Fans of the ad were quick to heap praise on Mattel and on Barbie, which has been criticised for years for promoting gender stereotypes and impossible body image for girls.
"Kudos to Barbie for having a little boy in their commercial #eliminategendernorms," one person tweeted.
"People are losing their minds because for the first time in 56 years, the face of the brand is a little boy," wrote Buzzfeed.
Yahoo! Parenting called it "Mattel's inclusive move", likening it to retailer Target's recent decision to remove gender distinctions on products for kids. There was also negative reaction to Mattel "marketing Barbies to young boys".
"Long gone are the days of GI Joe," lamented Breitbart.
But those looking to see the commercial airing during Saturday morning cartoons will be disappointed.
In a statement sent to BBC News by Mattel, the company clarified that this was a "fauxmercial".
"This video parodies iconic Barbie commercials from the 1980's starring a young [Moschino creative director] Jeremy Scott look alike. The video celebrates how boys and girls alike play with Barbie - it's all about self-expression, fashion, imagination and storytelling," the statement said.

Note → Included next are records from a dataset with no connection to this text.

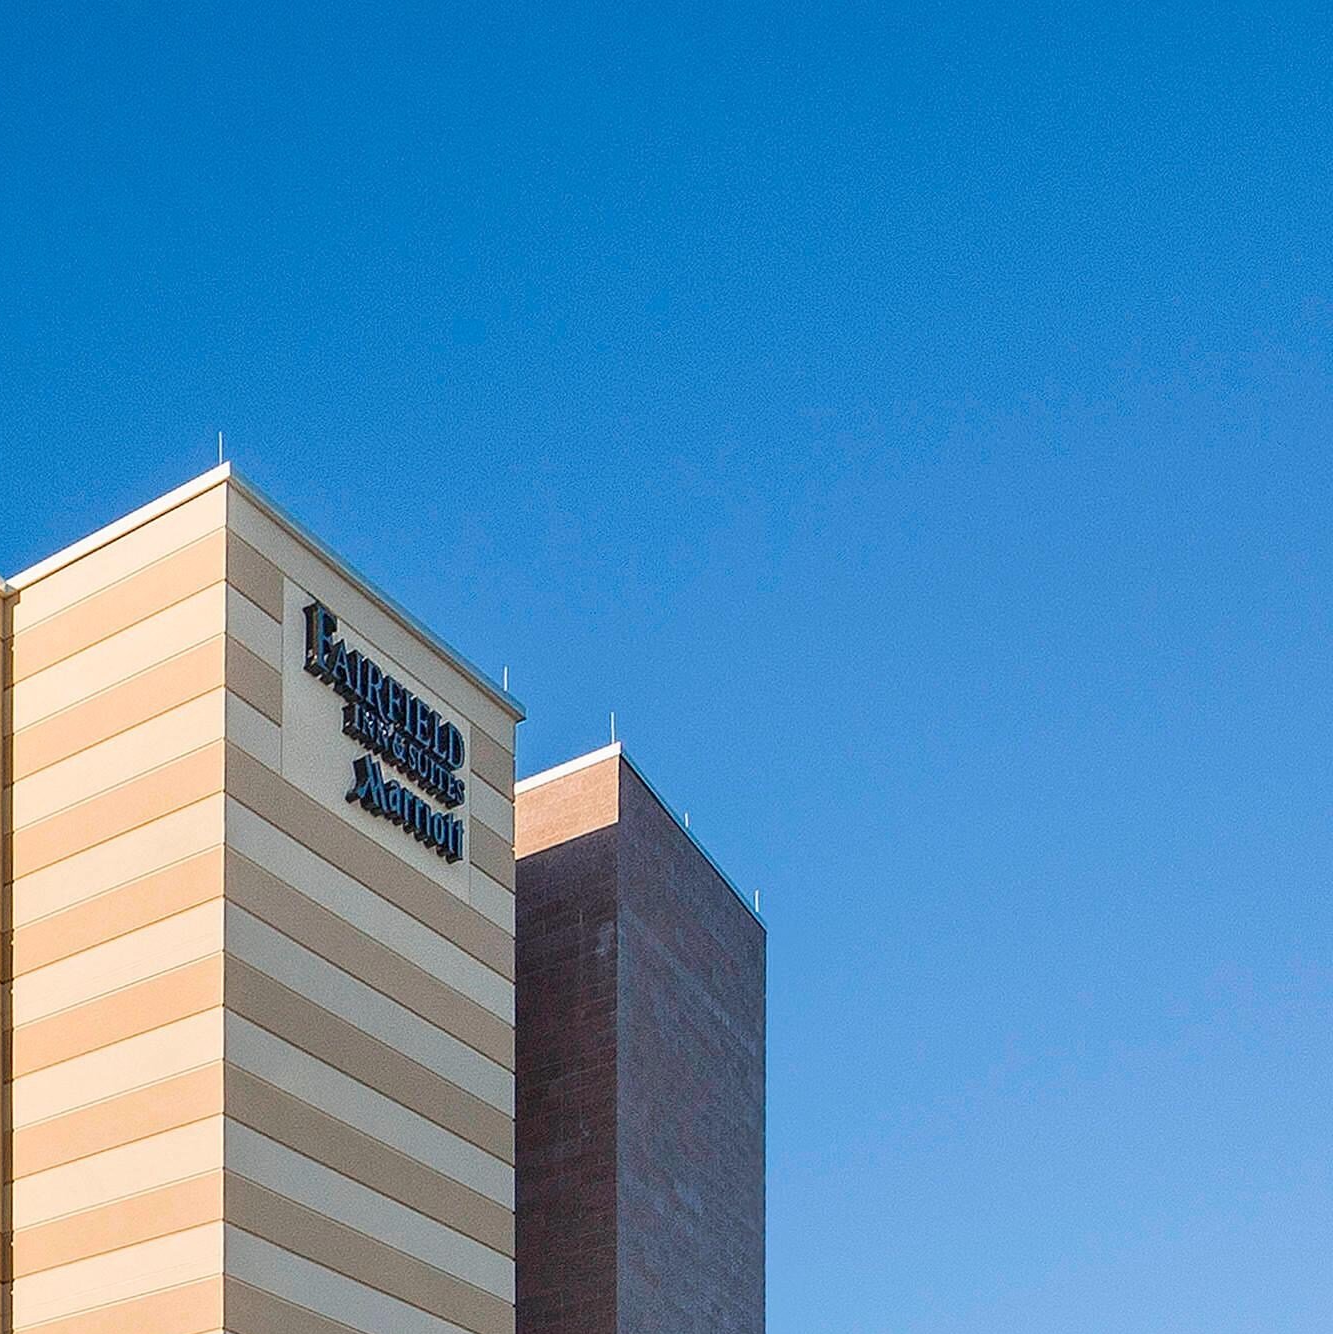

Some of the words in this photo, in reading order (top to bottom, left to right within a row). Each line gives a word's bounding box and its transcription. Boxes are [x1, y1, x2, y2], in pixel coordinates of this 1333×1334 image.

[303, 601, 465, 771] FAIRFIELD
[345, 753, 464, 864] Marriott
[401, 744, 465, 810] SUITES
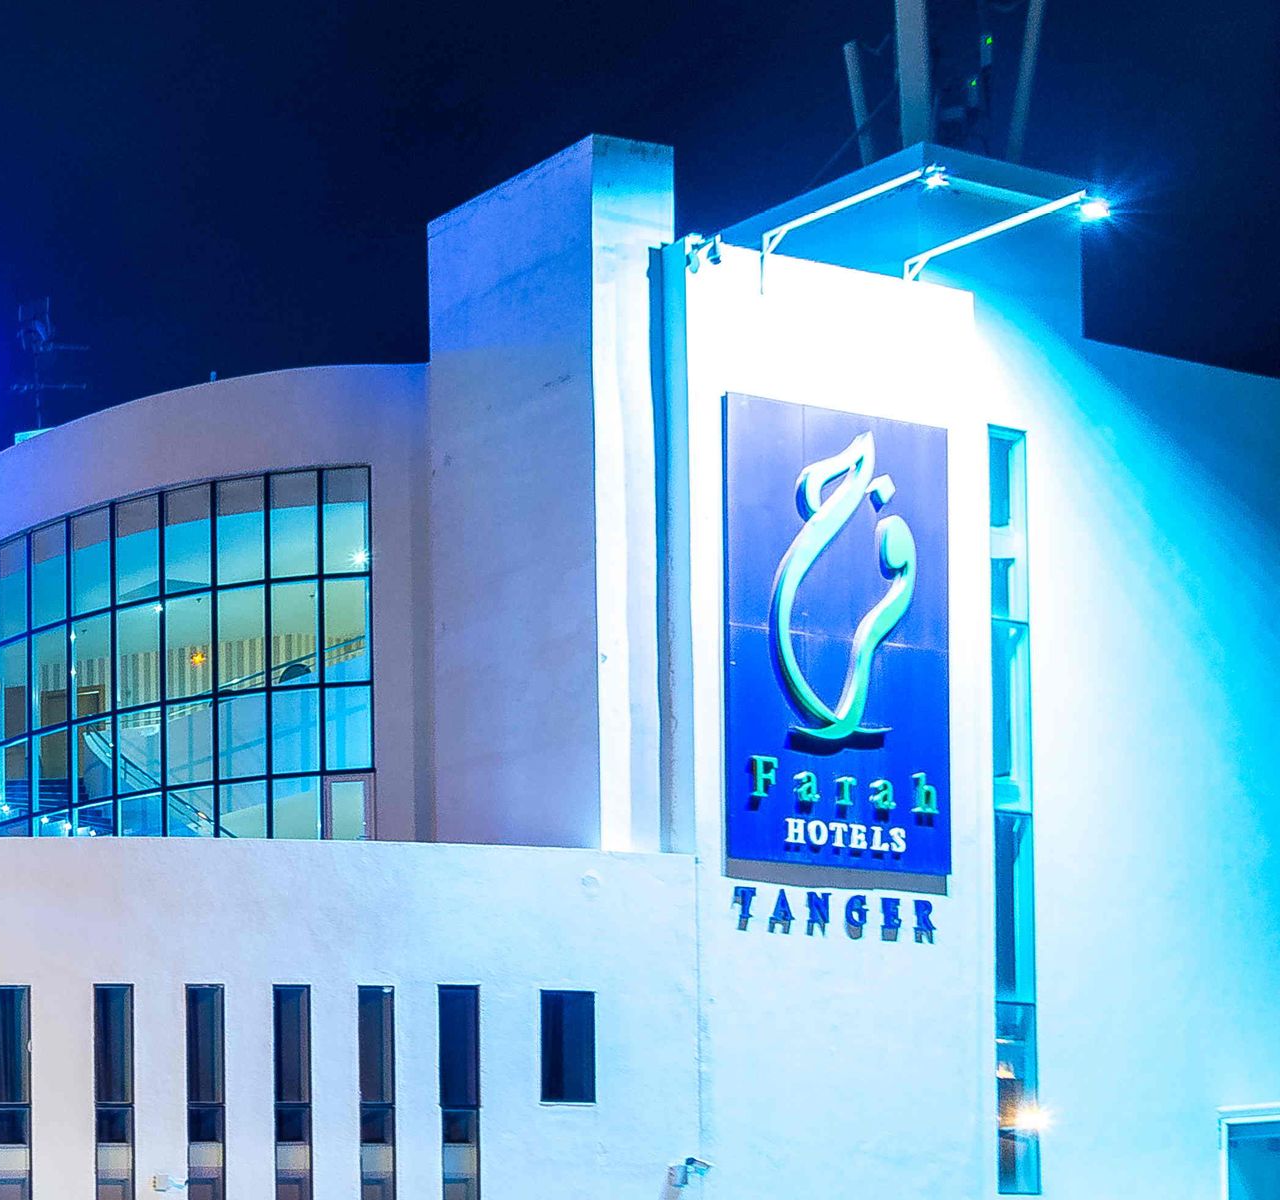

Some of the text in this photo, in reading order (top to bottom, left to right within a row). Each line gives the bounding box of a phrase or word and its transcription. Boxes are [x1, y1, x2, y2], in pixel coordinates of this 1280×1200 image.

[750, 755, 939, 814] Farah
[784, 817, 906, 853] HOTELS
[733, 886, 936, 931] TANGER
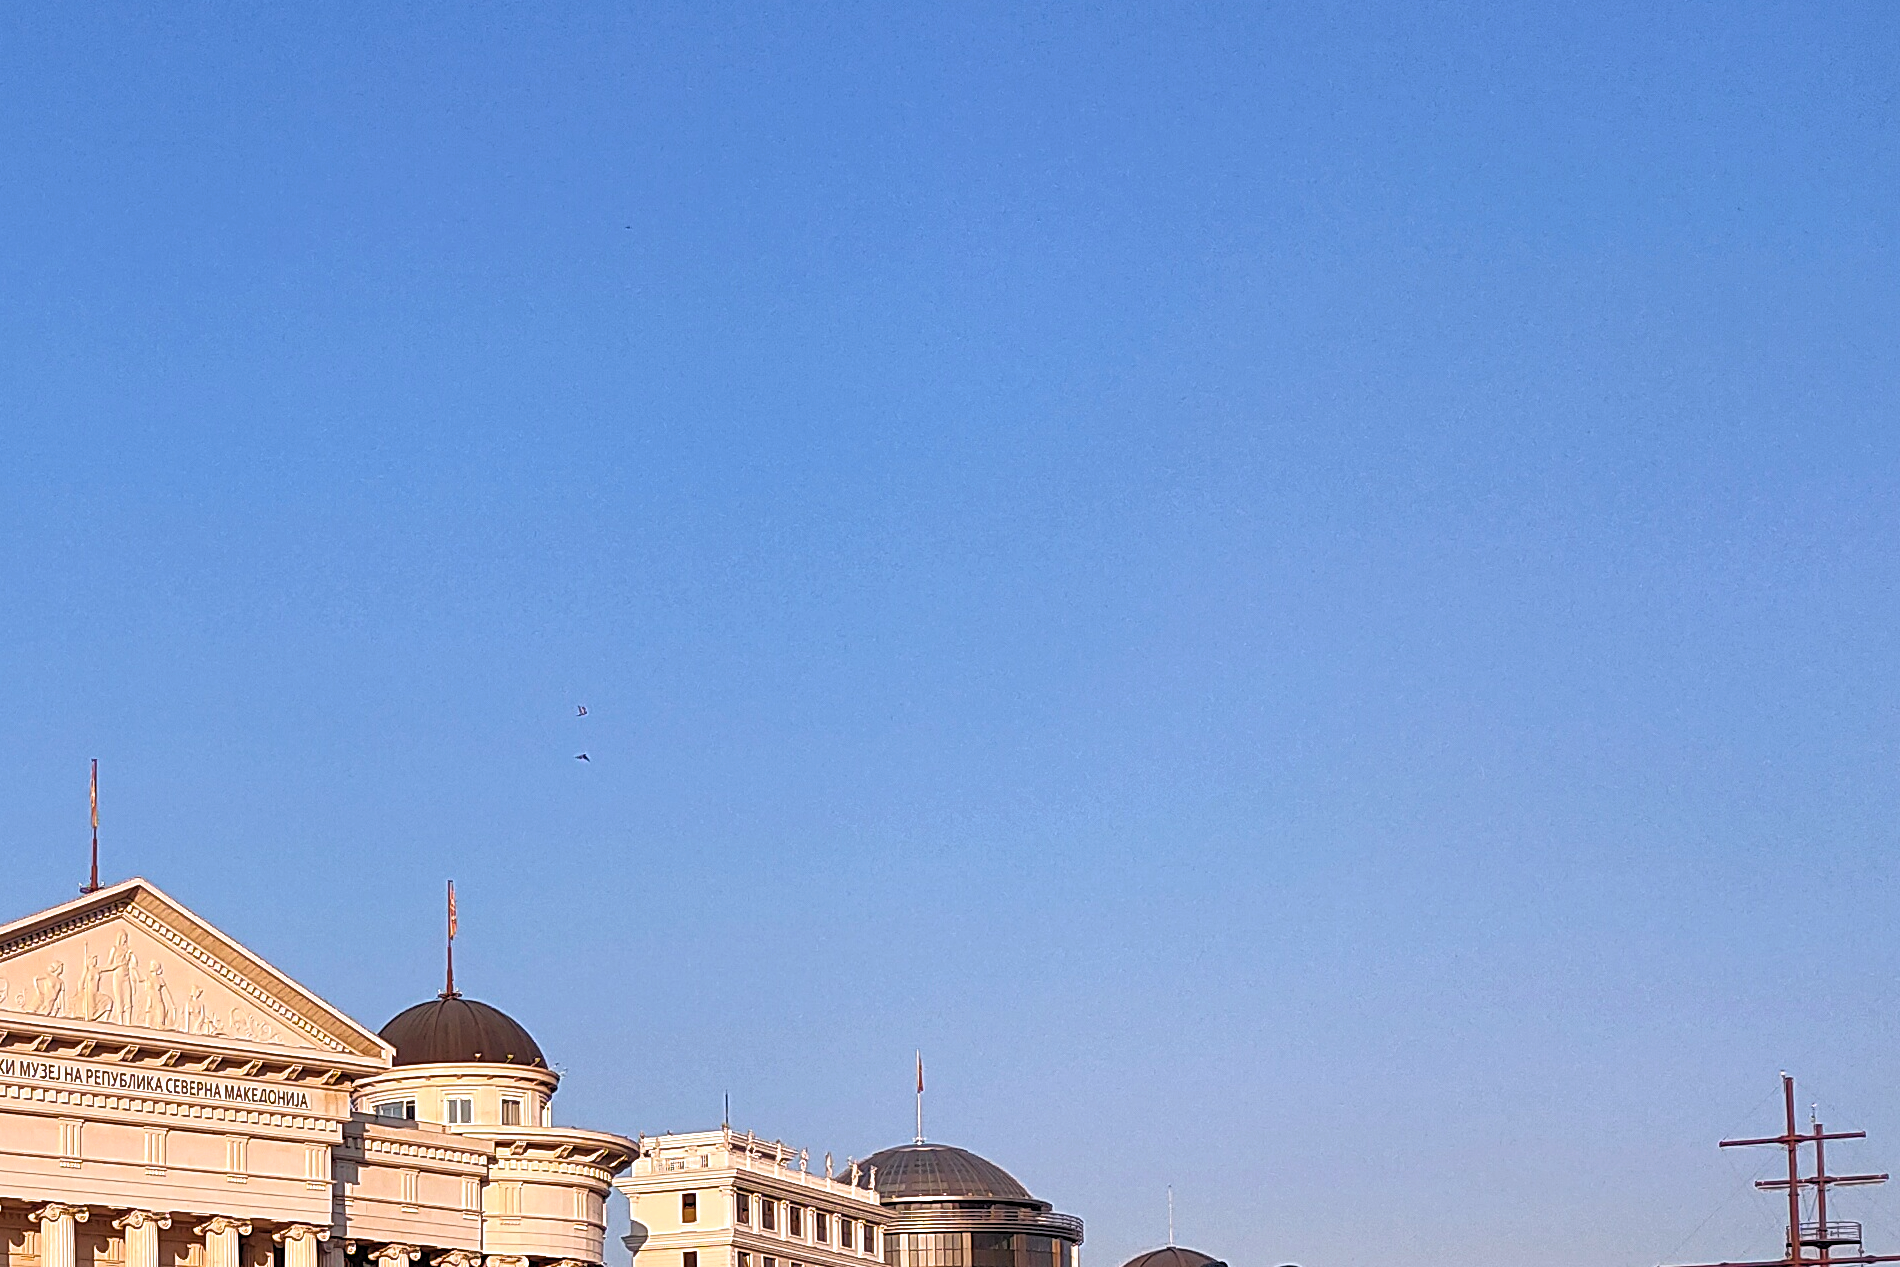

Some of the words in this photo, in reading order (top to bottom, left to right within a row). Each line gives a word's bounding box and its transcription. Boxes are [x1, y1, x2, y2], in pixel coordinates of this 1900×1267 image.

Mattel said the commercial was created by them - but with Mr Scott calling the creative shots. The video is hosted on Moschino's YouTube page, not Barbie's.
It appears then that the stereotype-squashing credit belongs Mr Scott, who added a statement of his own.
"When I dreamt up the concept for the Moschino Barbie fauxmercial, I felt it was natural to have a little boy representing for all the little boys like myself who played with Barbies growing up," he wrote. "Barbie was more than a toy, she was a muse for me."